Adams, whose stage credits include his 2014 Scenie-winning star turn in IAMA Theatre Company’s The Recommendation and last fall’s homeless teen in the Geffen Playhouse’s The Model Apartment, takes us on a journey from his four-year-old self (enjoying the pure happiness of a bath with the “Trouble Man” daddy he adored) to the adult he is today, backed along the way by guitarist-arranger Arturo Lopez, who both underscores Adams’ reminiscences and accompanies the silky-voiced solo star’s haunting original songs “Where Is The Love,” “Forget You,” and “Vulture.”

Adams’ father may have bequeathed his son the intelligence of the high school valedictorian he was, but Daddy also left wife and child high and dry on his way to incarceration and an early demise.

Fortunately for young Giovanni, Momma was a forward-thinking, independent lady, and if the safe-sex paraphernalia she brought home from the teen parenting program she ran wasn’t exactly appropriate for an eight-year-old boy, she was more than capable of motherhood on her own.

The memories Adams brings back to life over the course of his beguiling seventy-five minute autobioplay range from those of a Mississippi country boy breaking open butter pecans fallen from creekside trees to an 8th-grade summer spent at an Iowa State University youth enrichment program where his intelligent young brain got challenged and his heart got stolen by “a fine chocolate sister” from Virginia.

Reassuring as this news might have been for a boy whose grandma feared her grandbaby’s interests (easy bake ovens and ballet) weren’t pointed “in the direction of the opposite sex,” Gio’s shame-inducing first sexual experience with a teenage boy twice his age left him with a message he carried within for years afterward.

You are too dirty to love.

Fortunately for both Adams and his audience, there is much more to Love Is A Dirty Word than childhood sexual abuse, and it is the writer-actor’s gradual self-acceptance and the powerful, poetic language he uses to describe it that make his solo performance worth seeing above all the rest.

It helps that Adams is as boyishly charming as young actors get. It helps that each supporting character is given his or her own voice and body language. It helps that Adams is as terrific a singer-songwriter as he is an actor. And it helps that he digs fearlessly deep into his own pain and longing.

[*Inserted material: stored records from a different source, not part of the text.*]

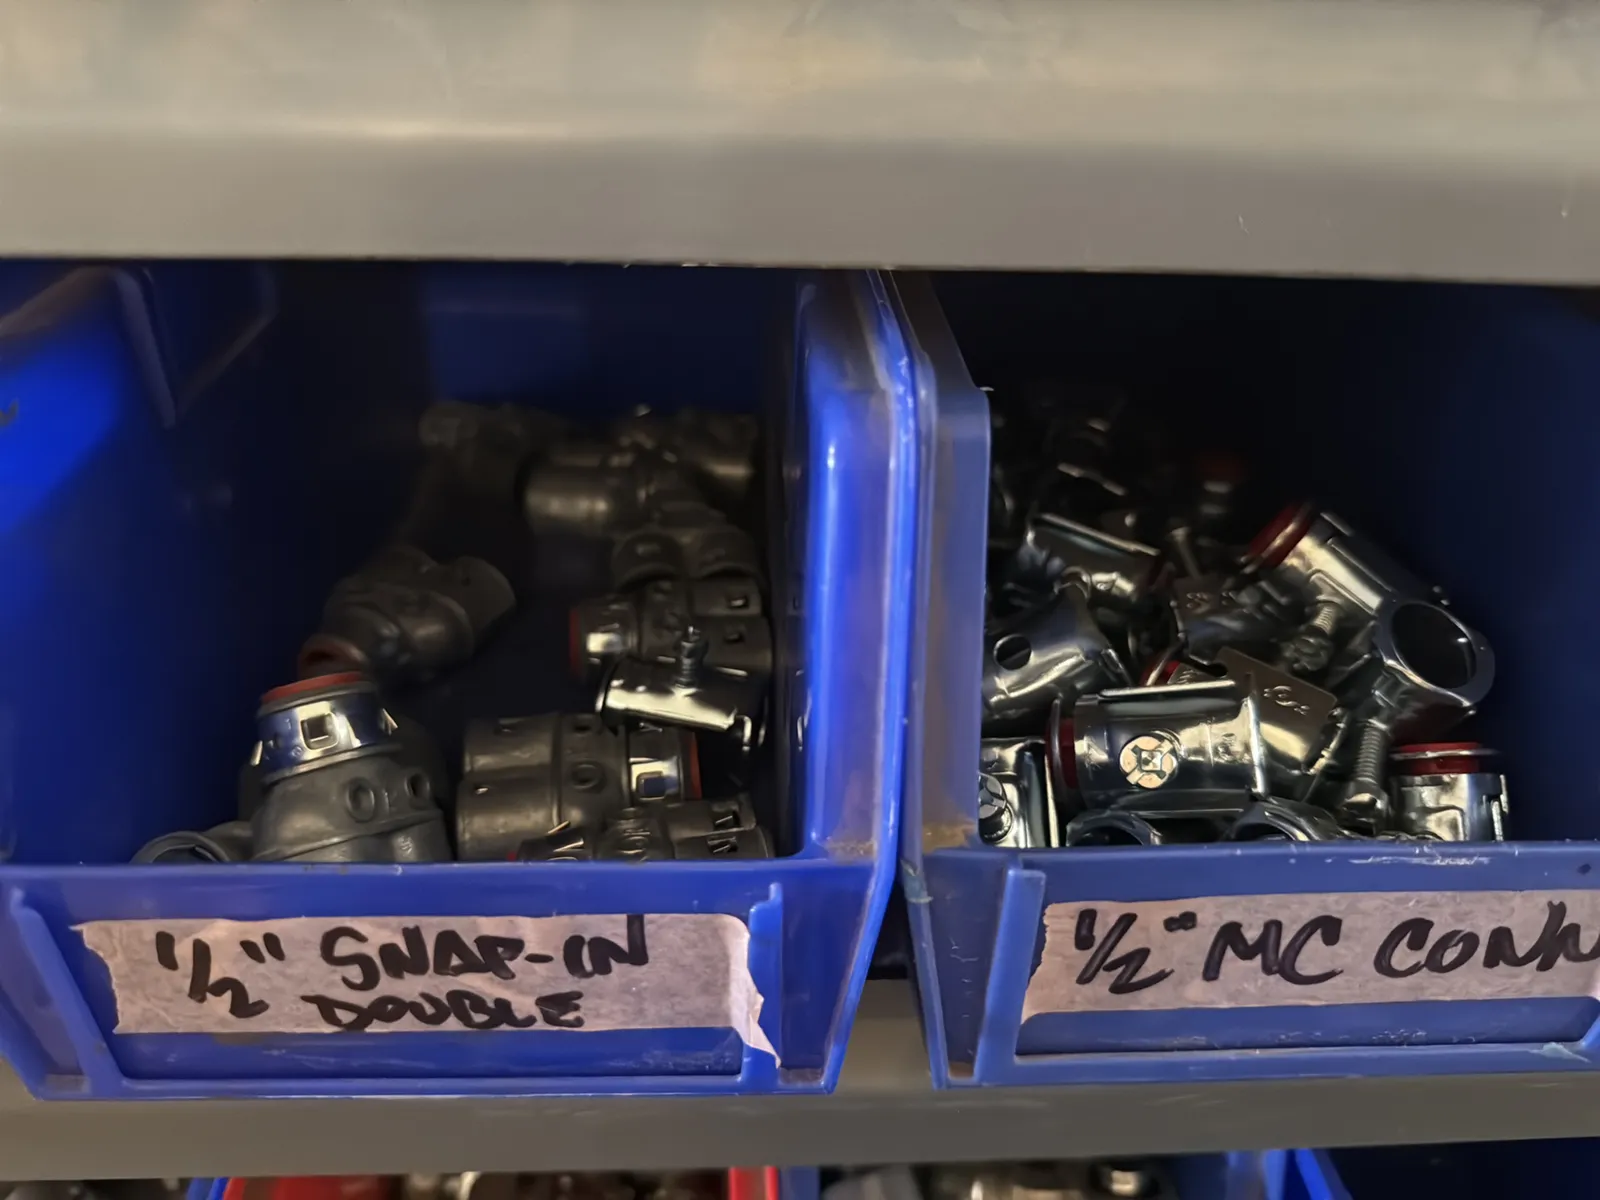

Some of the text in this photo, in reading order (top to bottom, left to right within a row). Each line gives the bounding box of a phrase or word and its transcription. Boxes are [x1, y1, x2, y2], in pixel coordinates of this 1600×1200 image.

[319, 914, 649, 992] SNAP-IN
[1203, 915, 1344, 986] MC
[301, 989, 584, 1034] DOUBLE
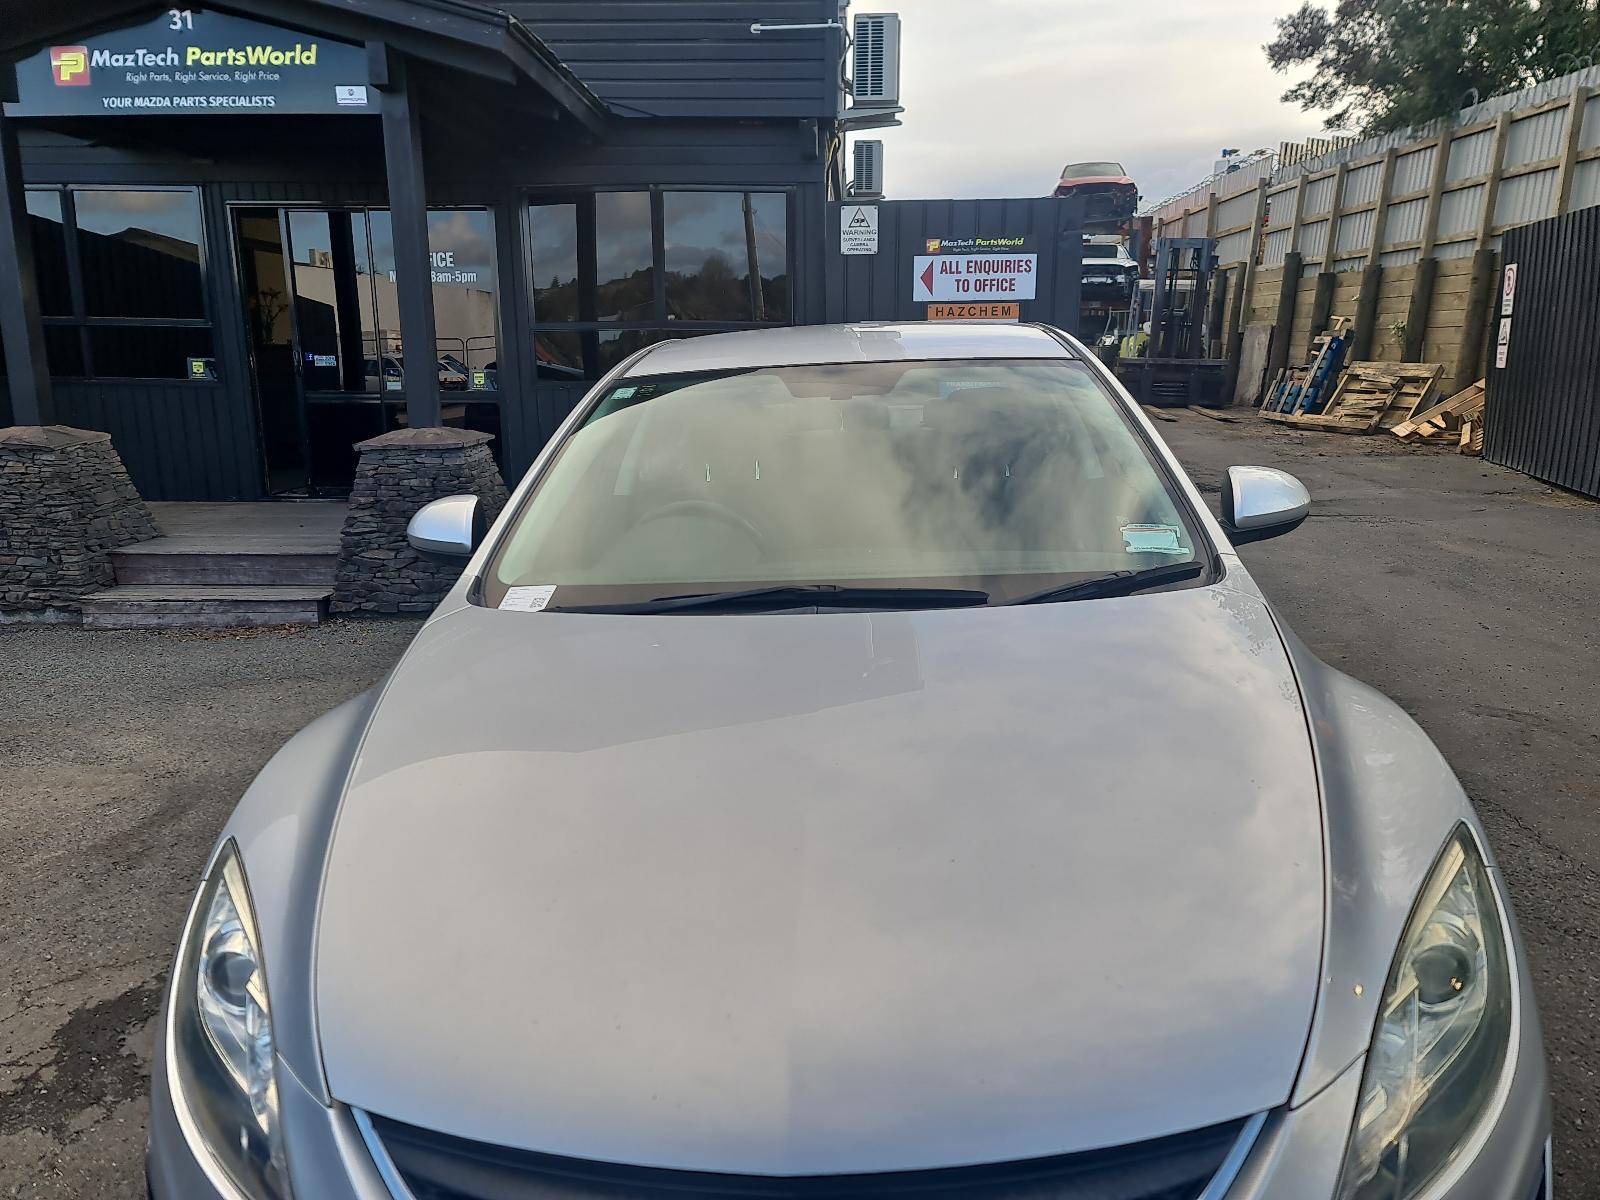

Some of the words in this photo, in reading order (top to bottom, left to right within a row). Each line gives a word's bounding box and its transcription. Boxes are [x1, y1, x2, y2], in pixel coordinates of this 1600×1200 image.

[168, 9, 193, 31] 31
[90, 47, 179, 67] MazTech
[186, 43, 318, 67] PartsWorld
[126, 71, 147, 84] Right
[149, 71, 172, 82] Parts,
[174, 71, 196, 84] Right
[198, 71, 232, 82] Service,
[234, 70, 256, 83] Right
[258, 71, 280, 81] Price
[102, 97, 134, 108] YOUR
[134, 97, 171, 107] MAZDA
[173, 97, 208, 107] PARTS
[209, 96, 276, 107] SPECIALISTS
[941, 239, 974, 247] MazTech
[976, 237, 1025, 246] PartsWorld
[939, 260, 962, 275] ALL
[966, 259, 1033, 275] ENQUIRIES
[955, 279, 970, 293] TO
[974, 278, 1016, 292] OFFICE
[935, 305, 1012, 317] HAZCHEM

Aiding Adams every step of the way is director Becca Wolff, who makes imaginative use of every inch of the VS. Theatre Company stage, one that scenic designer Rachel Myers has transformed into the living room-bedroom-bath-front yard where Adams’ story is set and filled with Geri Wolff’s pitch-perfect props (from a vinyl-spinning portable stereo to fresh pecan fruit), all of the above evocatively lit by Derrick McDaniel, with sound designer Niki Armato providing appropriate effects along the way (and making us believe that Marvin and Aretha are wafting directly from the onstage turntable).

Lopez’s guitar mastery and charm add to the stage magic. Melissa Trn is costume consultant. Armato is stage manager. Lenny Wolff is technical director.

Arriving just in time for Pride Month 2017, Love Is A Dirty Word celebrates one man’s coming of age, coming out, and coming alive as his own true self, and does so with a mix of power, originality, and gut-punching depth.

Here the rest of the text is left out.